[Referring expression grounding data]
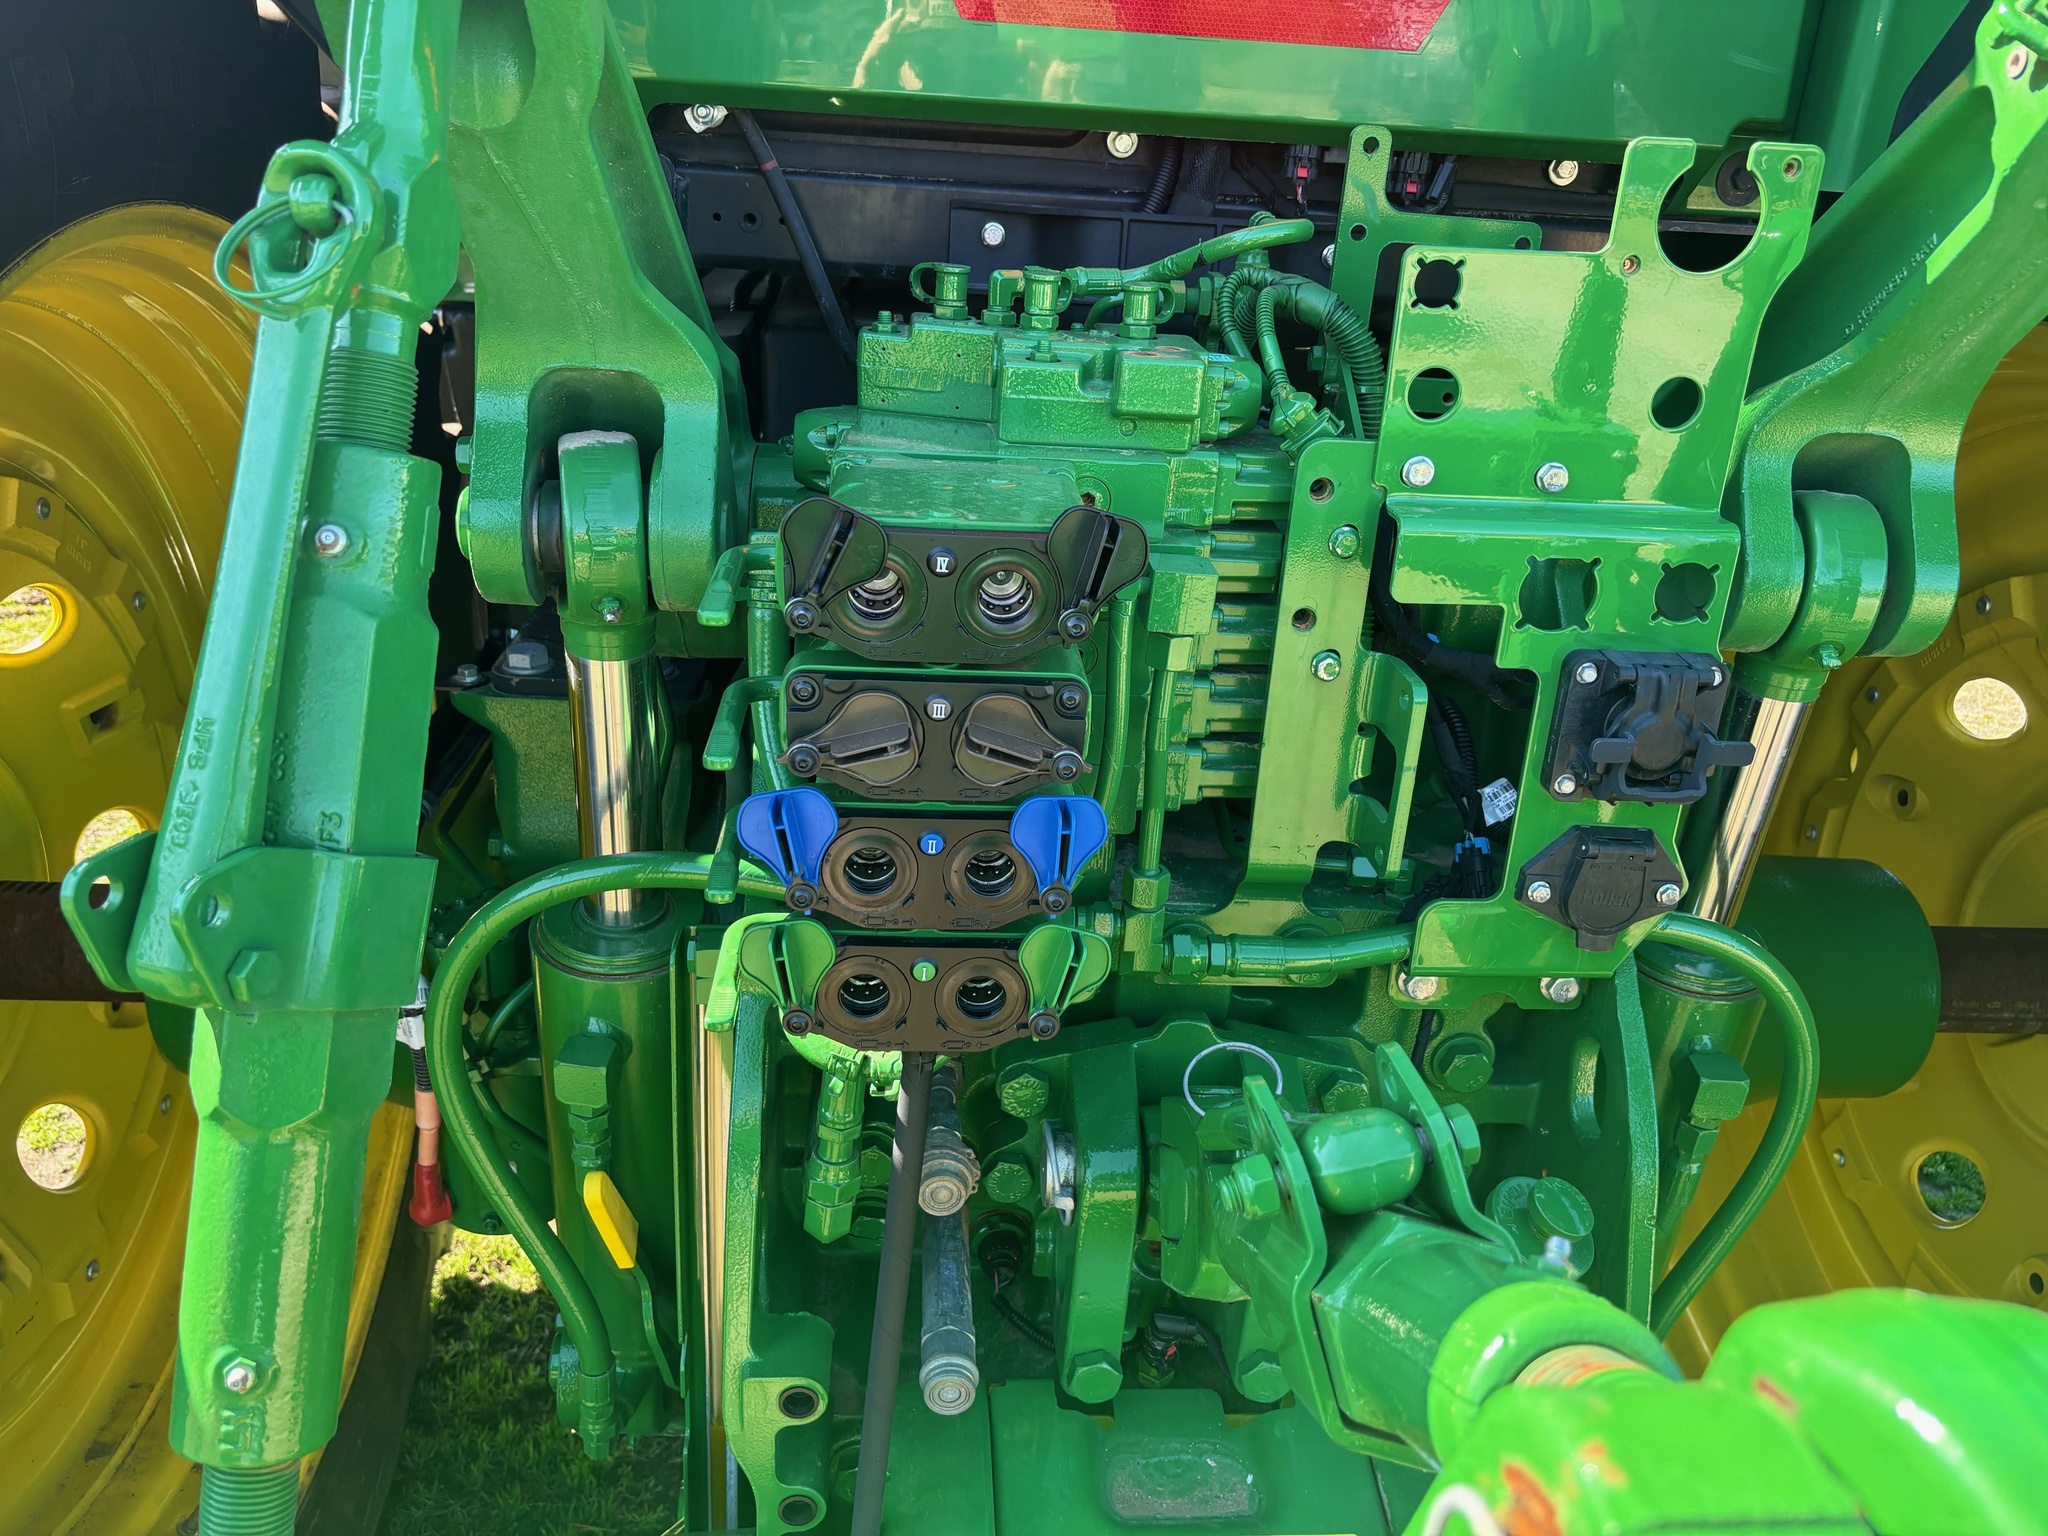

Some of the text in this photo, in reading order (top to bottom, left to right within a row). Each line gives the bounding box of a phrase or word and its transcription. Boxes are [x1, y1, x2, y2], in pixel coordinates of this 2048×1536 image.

[936, 556, 950, 573] IV
[931, 703, 946, 719] III
[927, 839, 937, 854] II
[1580, 888, 1632, 908] Pollak
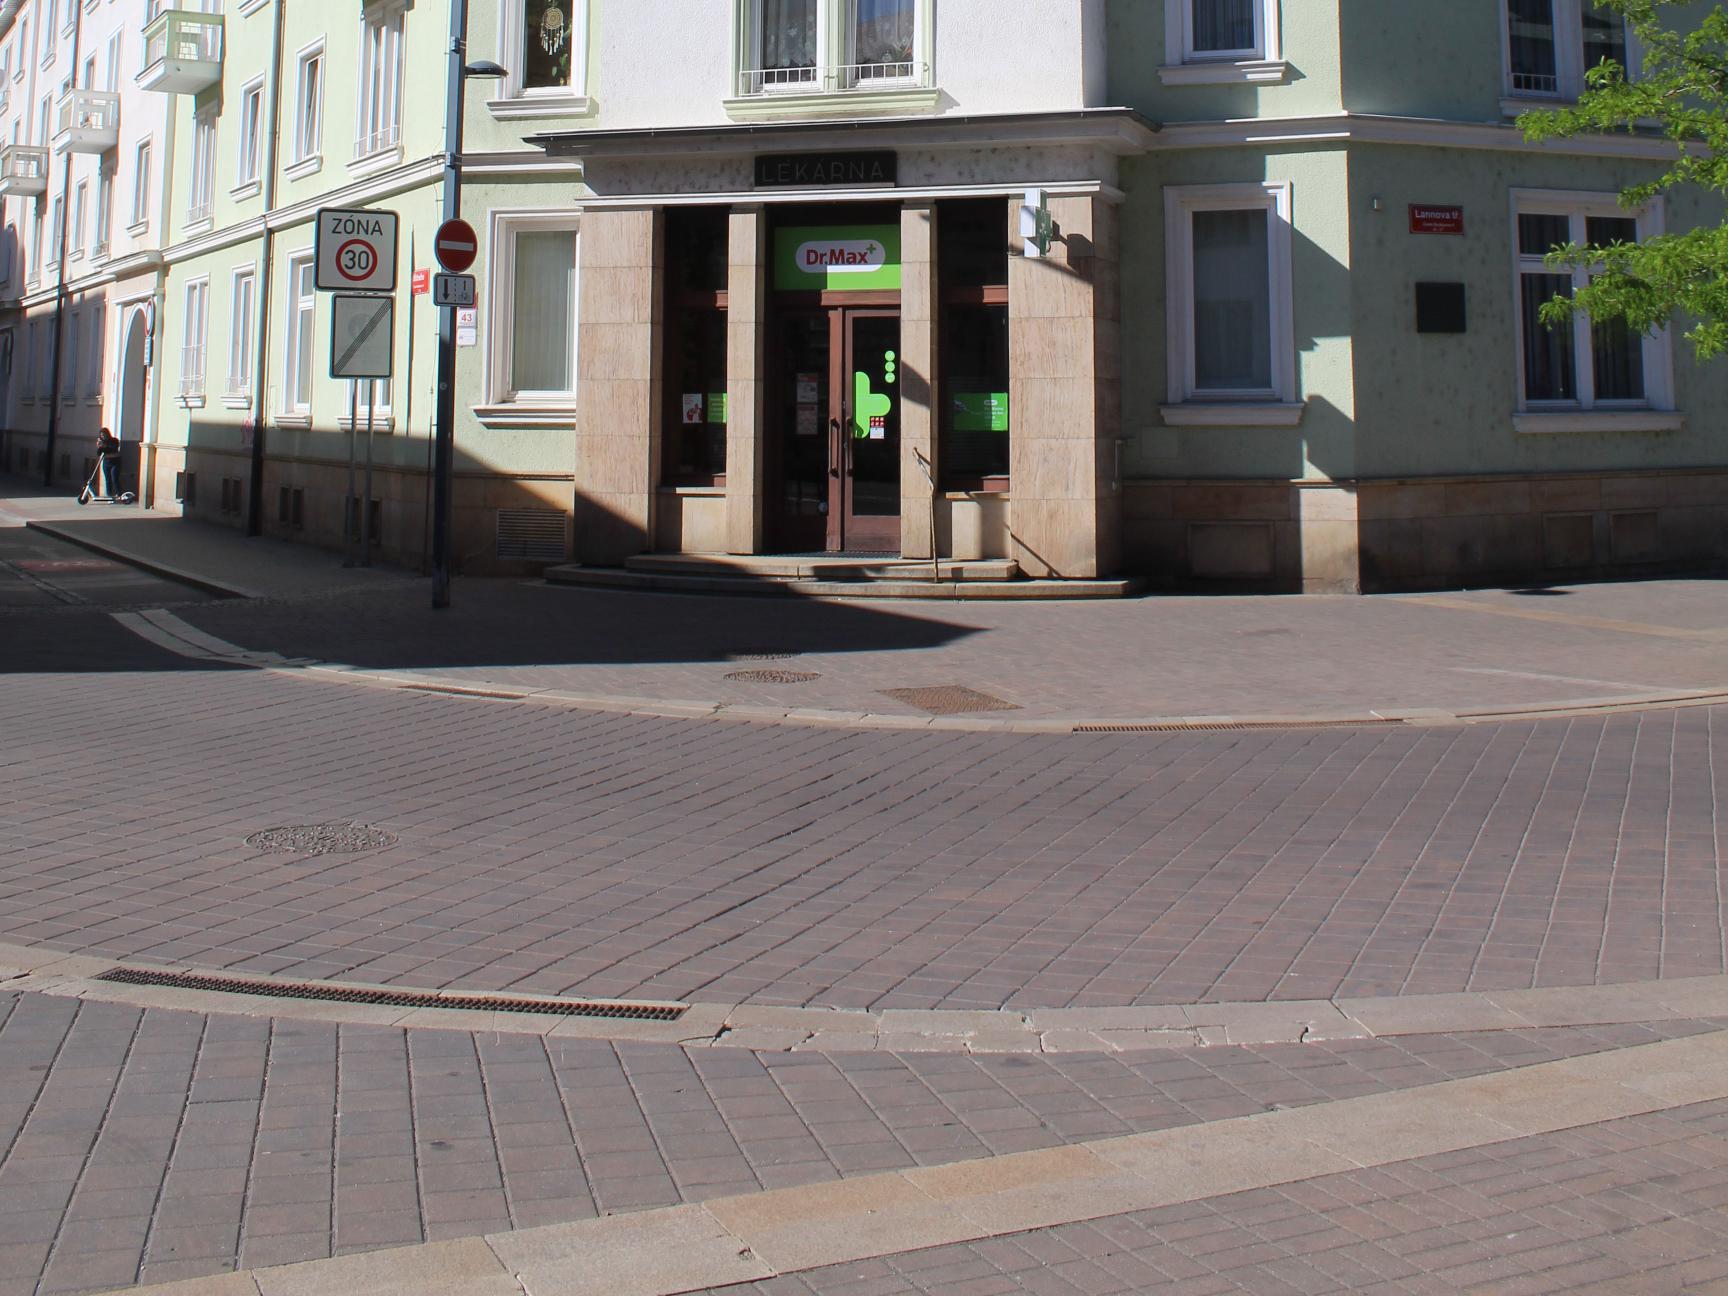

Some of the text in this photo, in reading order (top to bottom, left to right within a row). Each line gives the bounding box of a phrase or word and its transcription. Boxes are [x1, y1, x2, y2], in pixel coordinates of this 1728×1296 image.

**Work instruction:** Without including any images, output the data exactly as given.

**Solution below:**
Some of the text in this photo, in reading order (top to bottom, left to right within a row). Each line gives the bounding box of a phrase or word and its transcription. Boxes are [x1, y1, x2, y2], in pixel coordinates of this 2048×1536 image.

[936, 556, 950, 573] IV
[931, 703, 946, 719] III
[927, 839, 937, 854] II
[1580, 888, 1632, 908] Pollak

Some of the text in this photo, in reading order (top to bottom, left to right within a row). Each line gives the bounding box of a phrase or word and its transcription. Boxes are [x1, y1, x2, y2], in pixel coordinates of this 1728×1296 image.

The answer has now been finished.